--- Task statement ---
Write the records out exactly as they read, but not the pictures.

--- Exercise data ---

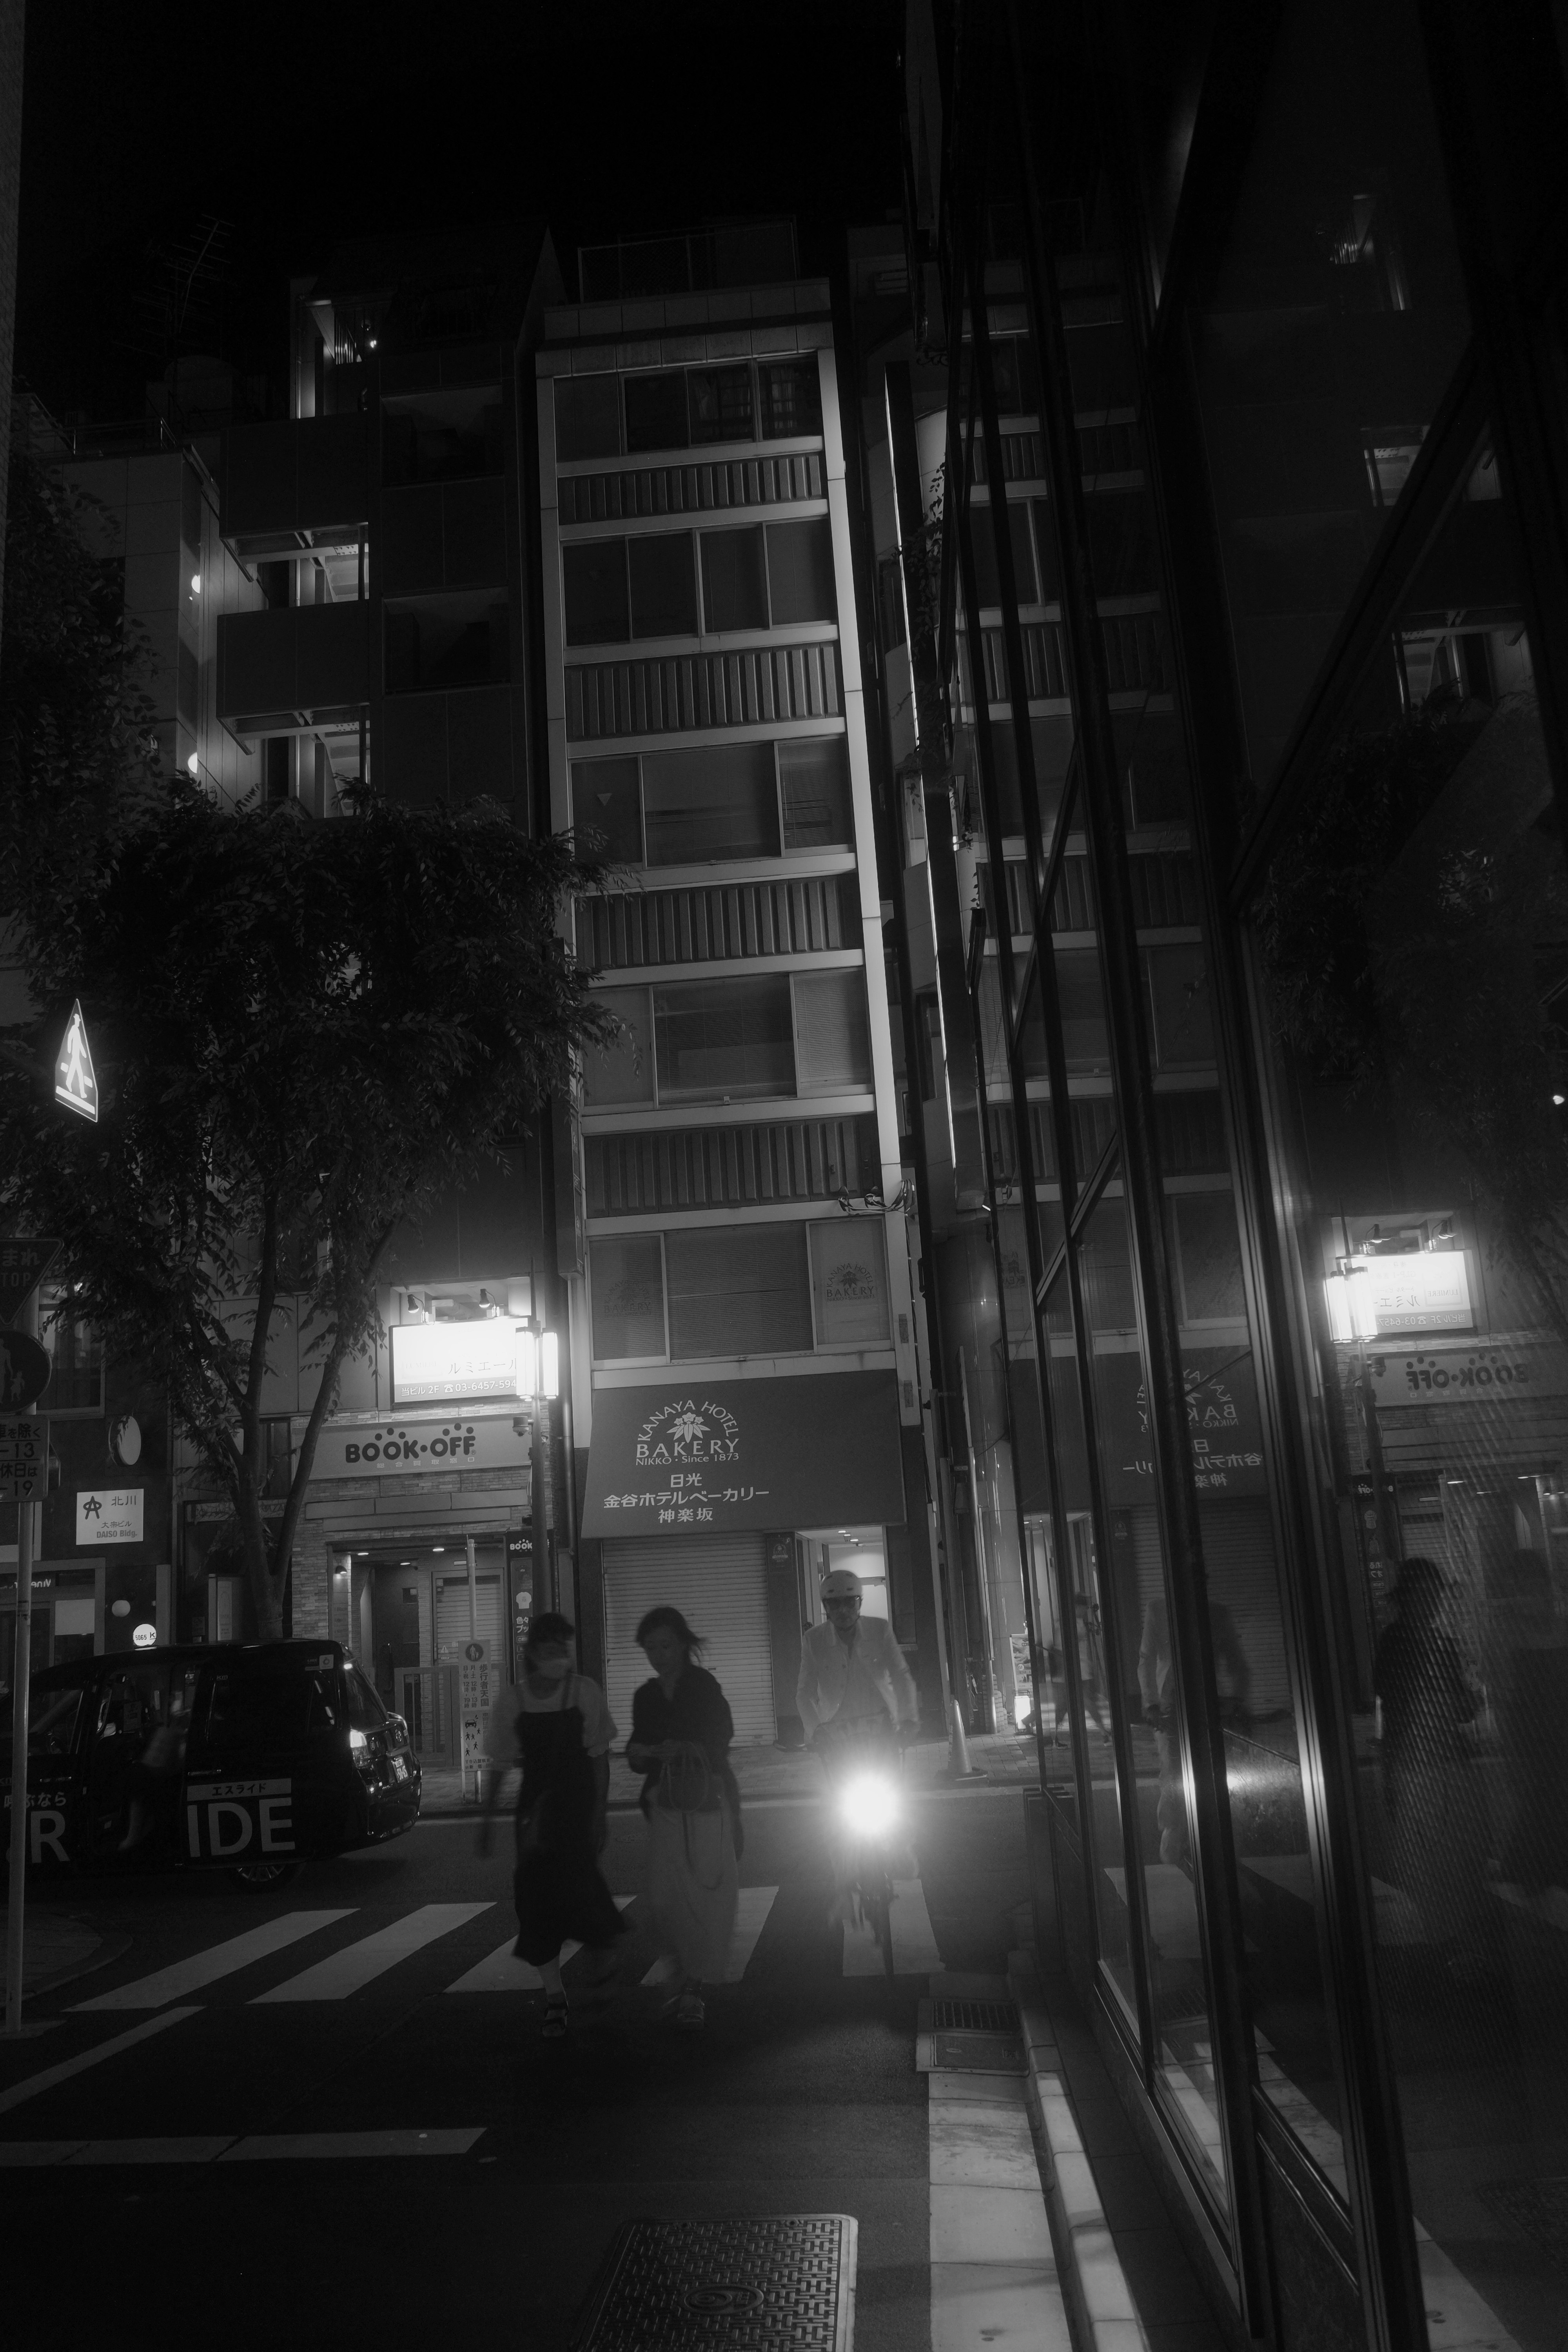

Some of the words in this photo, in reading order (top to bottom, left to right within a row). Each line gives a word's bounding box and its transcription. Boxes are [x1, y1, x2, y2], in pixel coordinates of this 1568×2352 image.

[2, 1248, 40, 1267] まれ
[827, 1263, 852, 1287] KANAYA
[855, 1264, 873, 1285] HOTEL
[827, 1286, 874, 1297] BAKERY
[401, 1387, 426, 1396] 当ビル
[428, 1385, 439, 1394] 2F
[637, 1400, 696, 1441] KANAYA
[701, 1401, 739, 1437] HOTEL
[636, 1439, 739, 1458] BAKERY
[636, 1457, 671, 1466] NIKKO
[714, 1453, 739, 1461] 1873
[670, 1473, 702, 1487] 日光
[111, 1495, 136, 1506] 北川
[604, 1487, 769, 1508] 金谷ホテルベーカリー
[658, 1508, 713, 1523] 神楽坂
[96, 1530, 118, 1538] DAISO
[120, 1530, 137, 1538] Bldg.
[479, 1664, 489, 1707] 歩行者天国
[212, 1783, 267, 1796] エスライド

--- Expected output ---
Some of the words in this photo, in reading order (top to bottom, left to right within a row). Each line gives a word's bounding box and its transcription. Boxes are [x1, y1, x2, y2], in pixel coordinates of this 1568×2352 image.

[2, 1248, 40, 1267] まれ
[827, 1263, 852, 1287] KANAYA
[855, 1264, 873, 1285] HOTEL
[827, 1286, 874, 1297] BAKERY
[401, 1387, 426, 1396] 当ビル
[428, 1385, 439, 1394] 2F
[637, 1400, 696, 1441] KANAYA
[701, 1401, 739, 1437] HOTEL
[636, 1439, 739, 1458] BAKERY
[636, 1457, 671, 1466] NIKKO
[714, 1453, 739, 1461] 1873
[670, 1473, 702, 1487] 日光
[111, 1495, 136, 1506] 北川
[604, 1487, 769, 1508] 金谷ホテルベーカリー
[658, 1508, 713, 1523] 神楽坂
[96, 1530, 118, 1538] DAISO
[120, 1530, 137, 1538] Bldg.
[479, 1664, 489, 1707] 歩行者天国
[212, 1783, 267, 1796] エスライド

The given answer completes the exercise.